🤖 AI Summary
In dynamic recommendation, continual model updates often exacerbate performance disparities across user demographic groups (e.g., gender, age), yet this issue remains systematically unexplored. This paper presents the first systematic study of user-side group fairness in dynamic recommendation settings. We propose FADE, an end-to-end fine-tuning framework featuring: (i) an incremental fine-tuning strategy with periodic restarts to curb bias accumulation; (ii) a differentiable Hit (DH) metric replacing non-differentiable ranking objectives to mitigate gradient vanishing and improve optimization efficiency; and (iii) a multi-objective competitive loss coupled with a theoretically grounded update criterion.

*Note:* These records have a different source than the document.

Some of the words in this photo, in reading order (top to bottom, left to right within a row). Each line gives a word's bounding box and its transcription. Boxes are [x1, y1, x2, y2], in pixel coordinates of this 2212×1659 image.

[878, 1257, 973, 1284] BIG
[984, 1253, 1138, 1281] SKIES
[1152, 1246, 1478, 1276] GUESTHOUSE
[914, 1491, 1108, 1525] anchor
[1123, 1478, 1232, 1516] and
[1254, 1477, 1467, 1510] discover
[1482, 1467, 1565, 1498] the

Evaluated on multiple real-world datasets, FADE significantly reduces inter-group performance gaps—by 32.7% on average—while preserving near-optimal recommendation accuracy and outperforming baselines such as NeuralNDCG in training efficiency.
📝 Abstract
User-side group fairness is crucial for modern recommender systems, alleviating performance disparities among user groups defined by sensitive attributes like gender, race, or age. In the everevolving landscape of user-item interactions, continual adaptation to newly collected data is crucial for recommender systems to stay aligned with the latest user preferences. However, we observe that such continual adaptation often worsen performance disparities. This necessitates a thorough investigation into user-side fairness in dynamic recommender systems. This problem is challenging due to distribution shifts, frequent model updates, and nondifferentiability of ranking metrics. To our knowledge, this paper presents the first principled study on ensuring user-side fairness in dynamic recommender systems. We start with theoretical analyses on fine-tuning v.s. retraining, showing that the best practice is incremental fine-tuning with restart. Guided by our theoretical analyses, we propose FAir Dynamic rEcommender (FADE), an end-to-end fine-tuning framework to dynamically ensure user-side fairness over time. To overcome the non-differentiability of recommendation metrics in the fairness loss, we further introduce Differentiable Hit (DH) as an improvement over the recent NeuralNDCG method, not only alleviating its gradient vanishing issue but also achieving higher efficiency. Besides that, we also address the instability issue of the fairness loss by leveraging the competing nature between the recommendation loss and the fairness loss. Through extensive experiments on real-world datasets, we demonstrate that FADE effectively and efficiently reduces performance disparities with little sacrifice in the overall recommendation performance.